In 1995, Gwynn was given the Branch Rickey Award, given annually to one player in recognition of his outstanding community service. In 1998, he was honored with the Lou Gehrig Memorial Award, for the player who best exhibits the character and integrity of Gehrig, another tremendous star who was taken too soon. In 1999, Gwynn was selected for the Roberto Clemente Award, as the MLB player who “best exemplifies the game of baseball, sportsmanship, community involvement and the individual’s contribution to his team.” Clemente himself died in a plane crash in 1972 while en route to Nicaragua to deliver aid to earthquake victims.

Those three awards — and the fact that he won all of them — tells you just who Tony Gwynn was and what he meant to the game of baseball. He is one of only four men to be recognized with all three honors, along with Jamie Moyer, Curt Schilling and John Smoltz.

Perhaps that’s why, as we sat in this dark, cramped, cluttered office, Gwynn wanted to tell me about Strasburg’s maturation from the time he started as an under-recruited, out-of-shape freshman to his ascent to the top pitching prospect of a generation. He talked about Strasburg’s growth not as a player, but as a human being.

“The stuff he does on the field, he really had to work at,” he explained, discussing Strasburg’s physical improvement over the years. But he credited the pitcher’s mental makeup, which he said existed all along.

“All the other stuff, what you see now is what we saw when he came here as a freshman.”

Gwynn deserves at least some of the credit for harnessing that drive, though, helping mold Strasburg into one of the top young pitchers in the sport.

The two remained close over the years, with Gwynn making it out for Strasburg’s annual 5K fundraiser a couple years prior, despite the former’s poor health. A memento of their shared success sat on the shelf across from Gwynn’s desk — the Golden Field Award, given to the school as a counterpart to the Golden Spikes Award, which Strasburg won in 2009 as the top amateur player in the country.

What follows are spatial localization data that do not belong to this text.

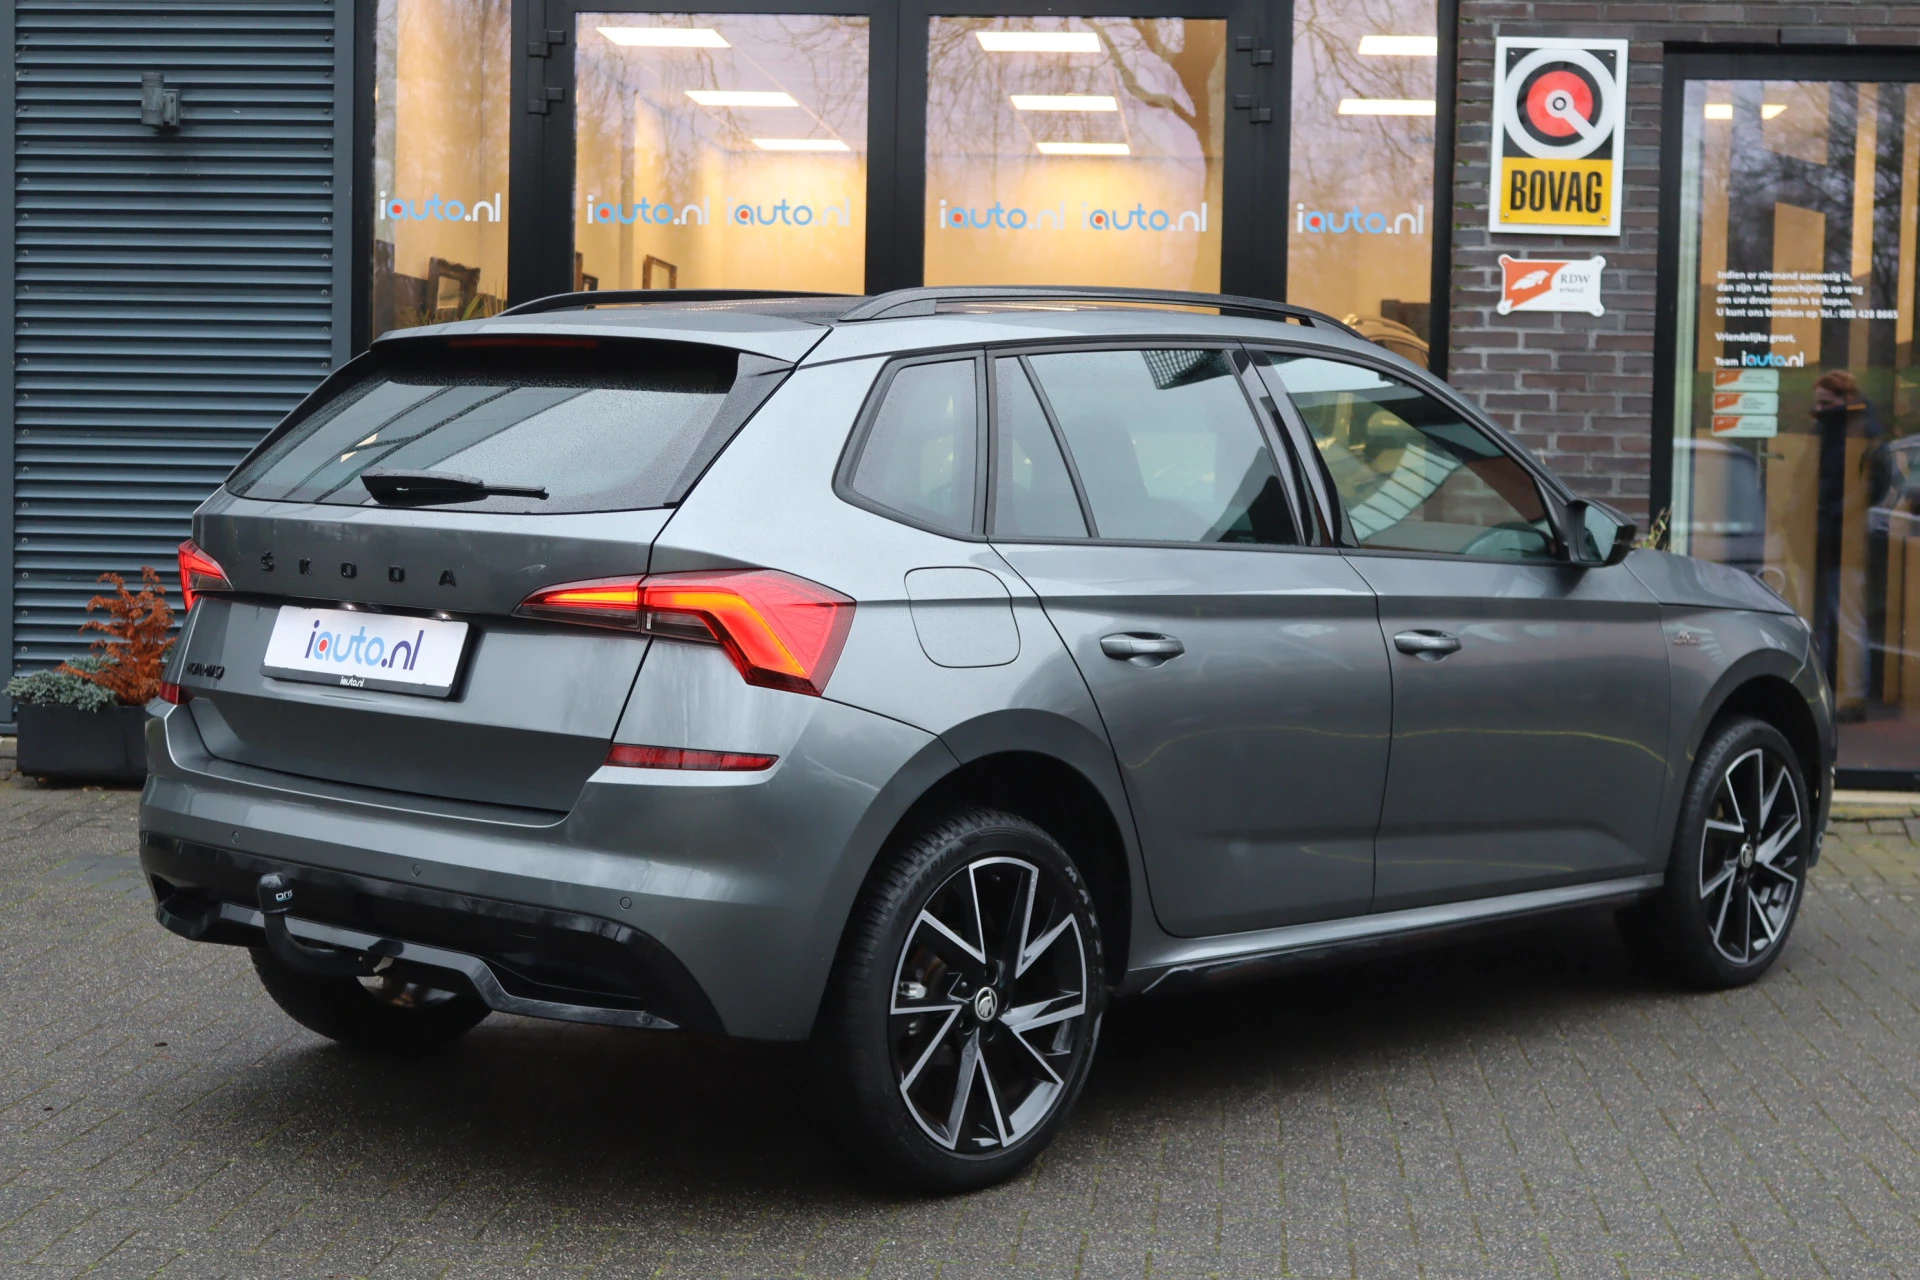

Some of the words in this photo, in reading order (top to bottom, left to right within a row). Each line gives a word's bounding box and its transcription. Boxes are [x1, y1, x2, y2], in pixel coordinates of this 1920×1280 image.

[378, 190, 502, 222] iauto.nl
[1509, 169, 1603, 214] BOVAG
[587, 194, 710, 225] iauto.nl
[726, 196, 851, 227] iauto.nl
[938, 199, 1066, 231] iauto.nl
[1080, 201, 1208, 232] iauto.nl
[1296, 202, 1425, 235] iauto.nl
[1560, 273, 1592, 284] RDW
[1716, 270, 1746, 280] Indien
[1747, 271, 1758, 280] er
[1758, 270, 1798, 281] niemand
[1799, 272, 1841, 283] aanwezig
[1716, 283, 1735, 292] dan
[1735, 283, 1752, 293] zijn
[1753, 283, 1768, 294] wij
[1768, 284, 1829, 295] waarschijnlijk
[1830, 285, 1843, 295] op
[1844, 286, 1864, 296] weg
[1716, 296, 1732, 305] om
[1733, 296, 1748, 305] uw
[1748, 295, 1799, 305] droomauto
[1801, 296, 1810, 306] in
[1810, 297, 1820, 306] te
[1716, 308, 1724, 317] U
[1725, 308, 1746, 317] kunt
[1747, 309, 1764, 318] ons
[1764, 308, 1804, 318] bereiken
[1805, 310, 1818, 320] op
[1714, 332, 1769, 344] Vriendelijke
[1714, 356, 1739, 367] Team
[1741, 350, 1805, 368] iauto.nl
[304, 619, 425, 672] iauto.nl

The rest of the awards, the ones that simply can’t fit into this space, are stored in the school’s Sports Hall of Fame, a storage locker of trophies and framed photos with an entire corner devoted to Gwynn and his success.

But this day, we talked only about Strasburg. Gwynn watched video footage from the pitcher’s prior start on his computer as we chatted. And as great as that is, to talk and analyze baseball with a childhood hero, something is missing.

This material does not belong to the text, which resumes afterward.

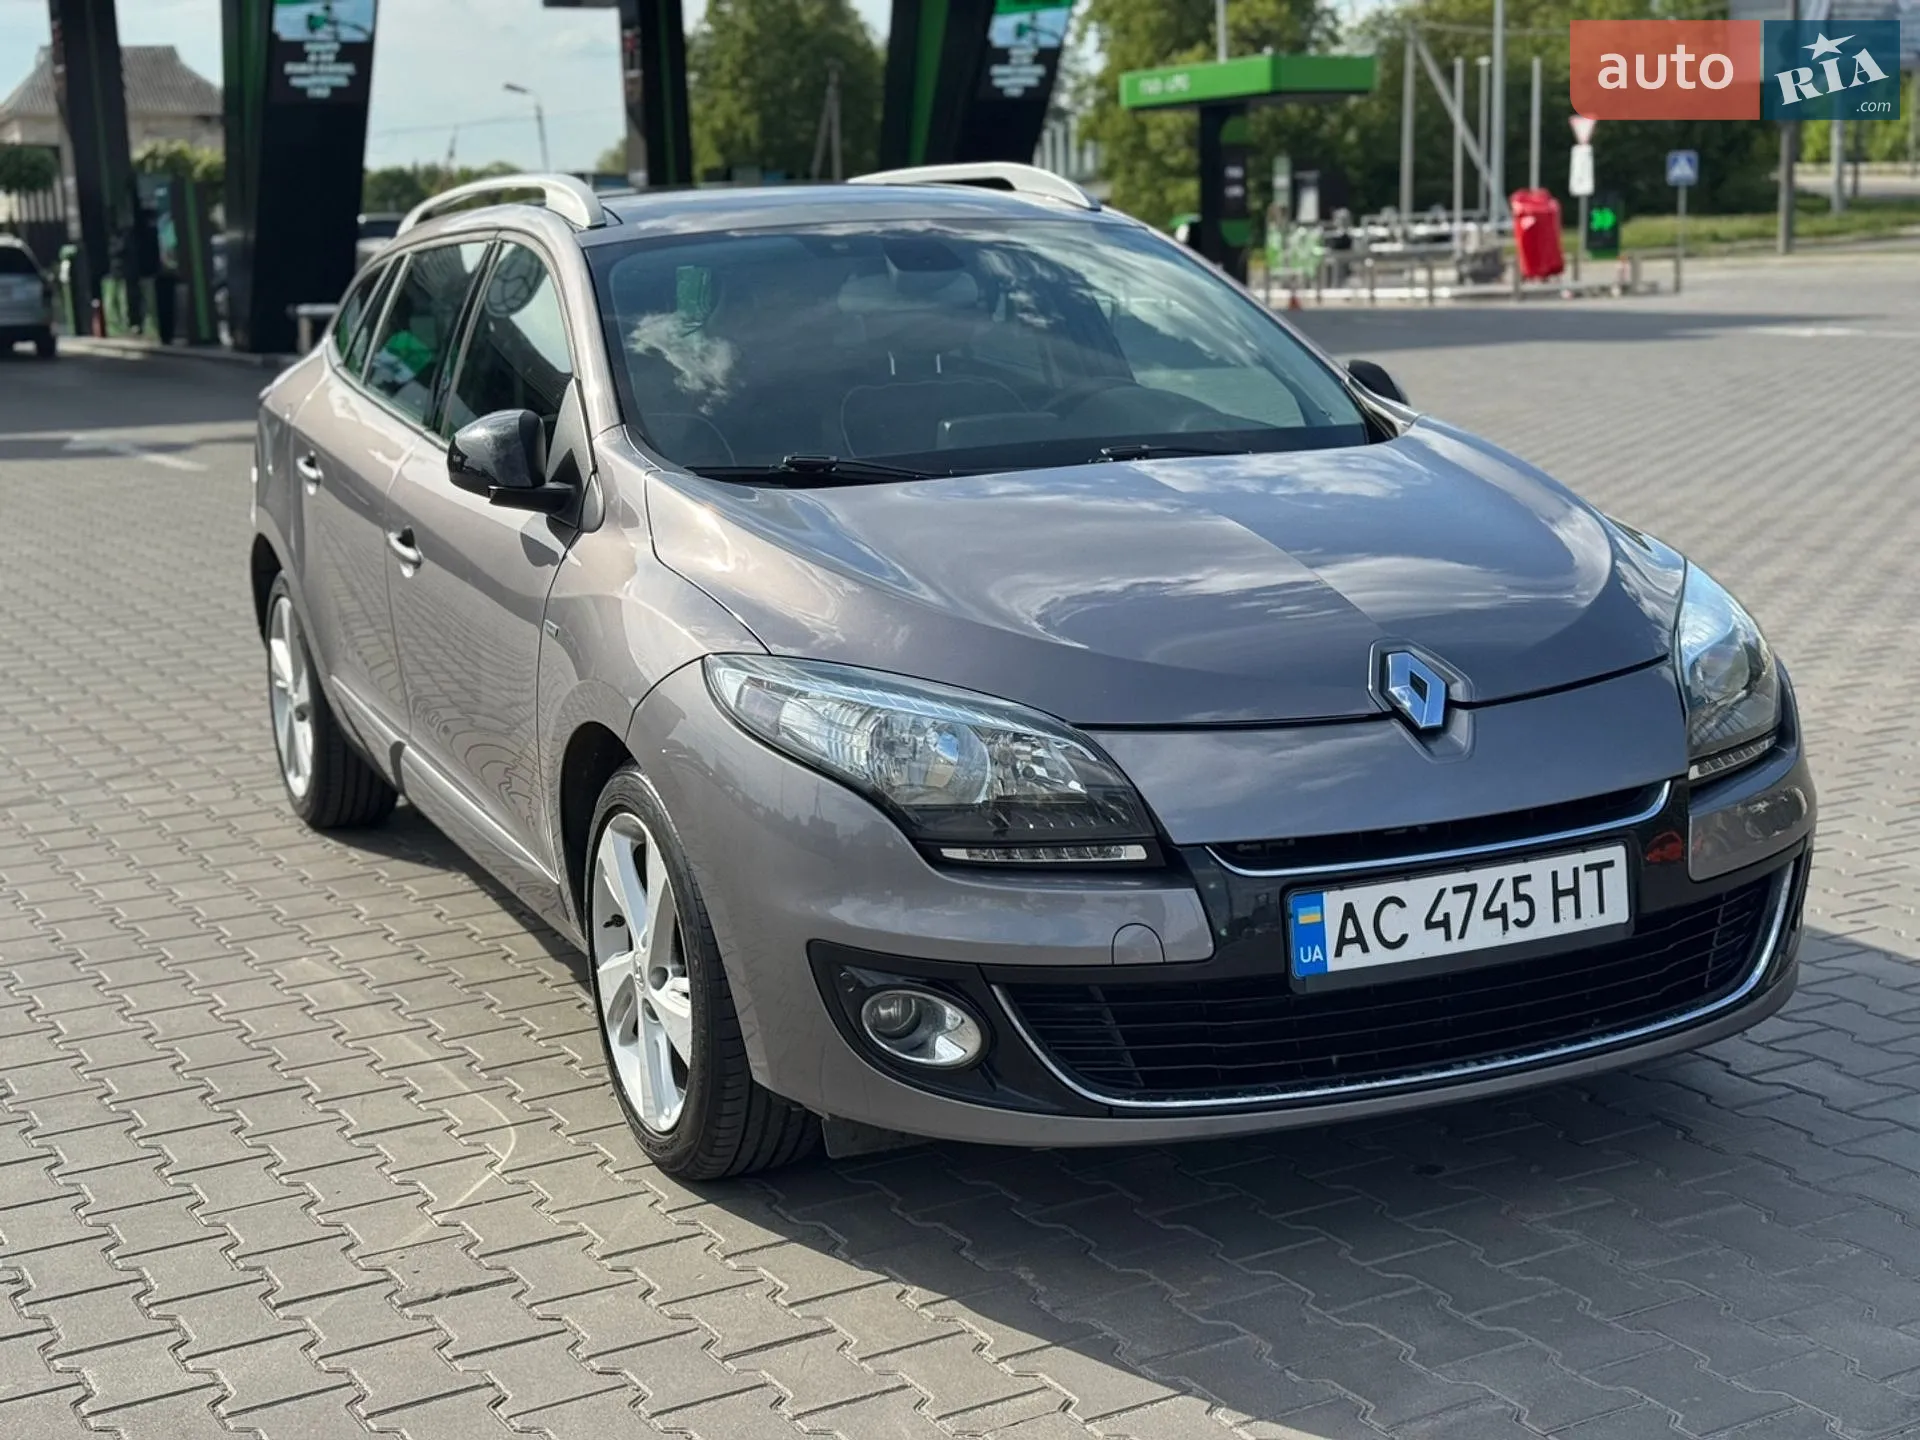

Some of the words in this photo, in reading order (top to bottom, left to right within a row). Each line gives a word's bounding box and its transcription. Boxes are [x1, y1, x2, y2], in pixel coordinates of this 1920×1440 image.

Gwynn’s voice seemed upbeat, but it lacked the animation, the liveliness that made his infectious personality so endearing. His famous laugh, the jolly bellow that accompanied his ear-to-ear grin with an ivory white smile were all absent. Subconsciously, I wished I could say something funny to bring it out of him. But deep down, I knew it wasn’t just me.

The scars from prior surgeries had left him with a slight vocal affectation, and restricted his facial muscles in a way that made that trademark grin impossible.

It’s hard to watch your heroes fade, and I remember the acute pain that accompanied the honor of getting to meet and chat with Gwynn that day. But it’s much harder to watch those heroes disappear entirely, especially when they are far too young.